Éthique, intelligence artificielle et conseil financier (partie 1)

Par Bernard Viau | 19 Décembre 2022 | Dernière mise à jour le 15 août 2023
7 minutes de lecture

Cet article est le premier d’une suite de trois qui s’intéressent à l’éthique et à l’avenir de la profession de conseiller consécutive à l’introduction des applications informatiques appuyées par l’intelligence artificielle (IA).  Comme dans beaucoup d’autres domaines, c’est une révolution. Comment se préparer à un tel défi de carrière ? Pour en parler, il faut d’abord comprendre ce que ces applications de IA contrôlent déjà dans notre profession et ce qu’elles ne peuvent pas faire. 

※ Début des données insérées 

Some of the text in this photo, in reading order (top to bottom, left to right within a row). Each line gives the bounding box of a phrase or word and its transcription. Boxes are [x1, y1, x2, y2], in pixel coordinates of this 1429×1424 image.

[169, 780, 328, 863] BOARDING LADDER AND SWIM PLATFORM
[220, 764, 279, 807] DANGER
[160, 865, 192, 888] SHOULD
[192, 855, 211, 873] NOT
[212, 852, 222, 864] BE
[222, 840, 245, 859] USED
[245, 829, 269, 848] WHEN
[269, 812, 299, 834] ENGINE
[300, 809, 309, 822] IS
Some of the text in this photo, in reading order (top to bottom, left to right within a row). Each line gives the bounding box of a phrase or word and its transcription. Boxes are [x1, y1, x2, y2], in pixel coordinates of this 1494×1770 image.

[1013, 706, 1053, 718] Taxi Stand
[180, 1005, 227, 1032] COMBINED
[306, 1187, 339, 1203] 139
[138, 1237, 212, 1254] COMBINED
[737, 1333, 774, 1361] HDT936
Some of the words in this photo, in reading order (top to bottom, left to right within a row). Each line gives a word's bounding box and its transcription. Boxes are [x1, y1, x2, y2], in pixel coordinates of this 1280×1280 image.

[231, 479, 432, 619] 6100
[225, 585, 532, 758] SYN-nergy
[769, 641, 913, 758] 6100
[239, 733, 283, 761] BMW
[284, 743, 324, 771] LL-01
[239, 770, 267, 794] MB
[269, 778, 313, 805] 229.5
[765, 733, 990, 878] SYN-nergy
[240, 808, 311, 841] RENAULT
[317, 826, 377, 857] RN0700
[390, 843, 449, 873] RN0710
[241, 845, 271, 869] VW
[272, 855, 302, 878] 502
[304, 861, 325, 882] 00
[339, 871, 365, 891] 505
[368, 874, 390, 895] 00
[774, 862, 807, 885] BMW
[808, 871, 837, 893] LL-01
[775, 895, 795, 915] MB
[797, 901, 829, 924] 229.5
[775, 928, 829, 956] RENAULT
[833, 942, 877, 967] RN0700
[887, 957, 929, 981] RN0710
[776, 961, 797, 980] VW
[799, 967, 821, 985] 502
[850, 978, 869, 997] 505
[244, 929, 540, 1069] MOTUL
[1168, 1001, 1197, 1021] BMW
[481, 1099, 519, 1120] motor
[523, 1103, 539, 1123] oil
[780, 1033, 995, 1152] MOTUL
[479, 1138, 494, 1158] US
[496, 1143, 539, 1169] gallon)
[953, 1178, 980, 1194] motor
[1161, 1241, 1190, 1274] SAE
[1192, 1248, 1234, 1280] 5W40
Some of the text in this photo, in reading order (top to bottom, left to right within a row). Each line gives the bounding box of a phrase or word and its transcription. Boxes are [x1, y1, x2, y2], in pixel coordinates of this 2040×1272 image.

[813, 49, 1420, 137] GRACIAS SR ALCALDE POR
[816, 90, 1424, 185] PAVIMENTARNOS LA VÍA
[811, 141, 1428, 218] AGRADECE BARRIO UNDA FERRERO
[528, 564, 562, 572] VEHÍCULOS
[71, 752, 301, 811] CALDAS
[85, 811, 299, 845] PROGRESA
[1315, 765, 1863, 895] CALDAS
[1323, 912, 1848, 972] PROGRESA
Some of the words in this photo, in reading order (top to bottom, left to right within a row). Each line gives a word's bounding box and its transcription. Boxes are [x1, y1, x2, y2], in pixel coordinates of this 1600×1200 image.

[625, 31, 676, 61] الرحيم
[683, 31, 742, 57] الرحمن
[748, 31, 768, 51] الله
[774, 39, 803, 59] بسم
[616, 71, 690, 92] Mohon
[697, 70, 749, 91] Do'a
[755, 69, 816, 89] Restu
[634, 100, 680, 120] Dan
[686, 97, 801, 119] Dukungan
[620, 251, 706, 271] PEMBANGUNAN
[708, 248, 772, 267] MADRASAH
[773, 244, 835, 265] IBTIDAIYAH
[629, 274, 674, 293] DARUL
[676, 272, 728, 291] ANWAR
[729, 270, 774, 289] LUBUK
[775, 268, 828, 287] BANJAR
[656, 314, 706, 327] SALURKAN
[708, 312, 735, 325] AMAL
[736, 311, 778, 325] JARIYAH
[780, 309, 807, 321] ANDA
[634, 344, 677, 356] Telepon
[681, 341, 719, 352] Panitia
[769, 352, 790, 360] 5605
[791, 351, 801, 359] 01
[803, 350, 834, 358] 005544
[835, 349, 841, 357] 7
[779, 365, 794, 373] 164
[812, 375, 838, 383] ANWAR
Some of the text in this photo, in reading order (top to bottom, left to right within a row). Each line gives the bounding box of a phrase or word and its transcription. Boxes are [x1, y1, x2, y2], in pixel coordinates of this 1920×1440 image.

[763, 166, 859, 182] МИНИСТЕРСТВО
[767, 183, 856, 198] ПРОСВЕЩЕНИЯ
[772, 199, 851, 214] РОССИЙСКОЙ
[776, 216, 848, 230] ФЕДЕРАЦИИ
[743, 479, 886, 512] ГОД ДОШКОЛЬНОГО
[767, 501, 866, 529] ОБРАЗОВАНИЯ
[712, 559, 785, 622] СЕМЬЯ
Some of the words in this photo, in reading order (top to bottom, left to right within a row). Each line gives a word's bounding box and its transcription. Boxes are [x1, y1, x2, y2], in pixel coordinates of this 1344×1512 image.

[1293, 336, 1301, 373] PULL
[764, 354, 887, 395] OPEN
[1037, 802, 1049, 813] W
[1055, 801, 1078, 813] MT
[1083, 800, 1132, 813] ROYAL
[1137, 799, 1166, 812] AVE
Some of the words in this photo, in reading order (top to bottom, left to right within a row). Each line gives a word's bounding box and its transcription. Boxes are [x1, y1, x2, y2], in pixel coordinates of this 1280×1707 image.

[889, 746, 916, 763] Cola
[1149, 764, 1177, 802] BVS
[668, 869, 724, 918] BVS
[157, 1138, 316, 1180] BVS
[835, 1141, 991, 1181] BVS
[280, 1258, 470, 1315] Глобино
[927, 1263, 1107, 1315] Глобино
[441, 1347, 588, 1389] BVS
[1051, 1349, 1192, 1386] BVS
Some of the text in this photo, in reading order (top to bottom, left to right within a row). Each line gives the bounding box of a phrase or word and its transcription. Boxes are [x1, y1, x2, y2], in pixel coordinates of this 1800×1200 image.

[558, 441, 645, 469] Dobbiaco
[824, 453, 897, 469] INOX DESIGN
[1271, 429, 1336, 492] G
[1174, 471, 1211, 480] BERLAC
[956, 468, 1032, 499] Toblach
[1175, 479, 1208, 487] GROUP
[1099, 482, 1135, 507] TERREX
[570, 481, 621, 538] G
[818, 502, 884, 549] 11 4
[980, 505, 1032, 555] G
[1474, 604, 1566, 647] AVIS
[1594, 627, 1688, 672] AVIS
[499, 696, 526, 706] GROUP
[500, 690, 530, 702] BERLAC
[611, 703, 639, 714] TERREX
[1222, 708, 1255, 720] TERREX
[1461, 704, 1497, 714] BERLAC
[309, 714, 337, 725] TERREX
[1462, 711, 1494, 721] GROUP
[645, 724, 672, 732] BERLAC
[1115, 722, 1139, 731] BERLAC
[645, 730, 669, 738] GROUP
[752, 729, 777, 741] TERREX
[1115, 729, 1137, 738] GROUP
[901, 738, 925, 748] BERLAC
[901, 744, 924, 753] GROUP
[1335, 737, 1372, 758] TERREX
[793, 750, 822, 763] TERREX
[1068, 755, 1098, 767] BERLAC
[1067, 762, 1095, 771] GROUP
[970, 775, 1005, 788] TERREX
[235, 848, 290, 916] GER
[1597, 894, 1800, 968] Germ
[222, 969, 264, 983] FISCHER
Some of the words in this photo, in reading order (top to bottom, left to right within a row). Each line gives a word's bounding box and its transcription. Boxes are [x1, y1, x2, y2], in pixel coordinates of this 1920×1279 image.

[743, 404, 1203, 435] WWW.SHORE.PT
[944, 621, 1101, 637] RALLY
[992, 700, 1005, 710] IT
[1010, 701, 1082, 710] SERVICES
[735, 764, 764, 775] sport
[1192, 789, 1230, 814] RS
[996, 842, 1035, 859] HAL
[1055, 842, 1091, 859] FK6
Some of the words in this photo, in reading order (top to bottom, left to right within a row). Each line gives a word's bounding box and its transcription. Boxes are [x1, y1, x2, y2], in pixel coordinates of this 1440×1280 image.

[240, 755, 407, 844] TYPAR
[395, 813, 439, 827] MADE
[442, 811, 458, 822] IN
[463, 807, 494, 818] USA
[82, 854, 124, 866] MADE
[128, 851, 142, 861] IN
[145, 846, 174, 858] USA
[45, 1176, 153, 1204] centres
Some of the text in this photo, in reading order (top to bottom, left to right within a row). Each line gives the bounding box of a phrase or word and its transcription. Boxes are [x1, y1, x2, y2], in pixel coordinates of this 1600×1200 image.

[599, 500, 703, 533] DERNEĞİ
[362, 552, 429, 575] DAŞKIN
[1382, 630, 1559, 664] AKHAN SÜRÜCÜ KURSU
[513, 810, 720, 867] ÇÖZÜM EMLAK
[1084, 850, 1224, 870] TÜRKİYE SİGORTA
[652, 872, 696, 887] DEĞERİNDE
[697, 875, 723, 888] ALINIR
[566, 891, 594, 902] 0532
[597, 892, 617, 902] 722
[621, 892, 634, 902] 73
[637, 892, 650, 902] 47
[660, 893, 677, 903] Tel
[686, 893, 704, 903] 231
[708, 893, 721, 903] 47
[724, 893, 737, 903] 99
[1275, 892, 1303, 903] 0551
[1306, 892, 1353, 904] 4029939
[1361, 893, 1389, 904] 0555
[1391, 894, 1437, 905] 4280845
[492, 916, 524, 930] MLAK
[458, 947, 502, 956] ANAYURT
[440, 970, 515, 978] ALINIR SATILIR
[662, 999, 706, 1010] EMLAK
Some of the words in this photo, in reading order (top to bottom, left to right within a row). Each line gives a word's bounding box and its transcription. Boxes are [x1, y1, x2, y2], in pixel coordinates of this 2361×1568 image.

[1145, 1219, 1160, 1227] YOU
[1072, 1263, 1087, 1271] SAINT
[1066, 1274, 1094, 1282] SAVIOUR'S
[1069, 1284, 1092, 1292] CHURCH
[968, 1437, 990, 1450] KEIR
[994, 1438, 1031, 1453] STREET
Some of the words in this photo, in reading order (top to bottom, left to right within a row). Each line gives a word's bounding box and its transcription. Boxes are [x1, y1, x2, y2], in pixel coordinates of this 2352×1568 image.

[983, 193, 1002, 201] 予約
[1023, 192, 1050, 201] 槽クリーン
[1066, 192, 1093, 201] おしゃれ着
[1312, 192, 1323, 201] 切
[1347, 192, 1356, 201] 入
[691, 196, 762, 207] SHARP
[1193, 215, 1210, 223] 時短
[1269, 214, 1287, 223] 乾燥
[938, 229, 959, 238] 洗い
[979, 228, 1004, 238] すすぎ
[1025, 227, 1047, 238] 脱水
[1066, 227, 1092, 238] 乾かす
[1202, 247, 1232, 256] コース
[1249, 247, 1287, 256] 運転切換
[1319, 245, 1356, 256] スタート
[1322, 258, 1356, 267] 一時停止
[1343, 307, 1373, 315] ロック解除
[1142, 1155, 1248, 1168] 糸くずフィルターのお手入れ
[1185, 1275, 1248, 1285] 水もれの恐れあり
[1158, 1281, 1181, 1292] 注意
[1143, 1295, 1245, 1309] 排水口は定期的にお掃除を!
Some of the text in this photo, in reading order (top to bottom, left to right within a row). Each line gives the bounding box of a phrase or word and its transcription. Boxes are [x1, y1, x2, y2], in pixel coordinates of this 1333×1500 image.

Nous avions présenté, dans le premier article de cette série sur l’éthique, le cas d’une fraude internationale où la conformité et la déontologie étaient respectées. L’IA va-t-elle encourager ou combattre de telles fraudes ? L’éthique dans les applications informatiques dotées d’IA est un sujet délicat. Mes demandes d’entrevue ont d’ailleurs été rejetées.

On sait que la conformité et la déontologie sont réglementées et respectées dans la profession, mais l’éthique touche la morale et c’est plus compliqué. L’éthique est au-dessus des lois nationales, c’est un concept, un vœu et on sait que la finance a toujours été, dans l’Histoire, réticente à discuter de concepts moraux.  Qu’en sera-t-il de l’éthique avec les applications informatiques dotées d’IA ?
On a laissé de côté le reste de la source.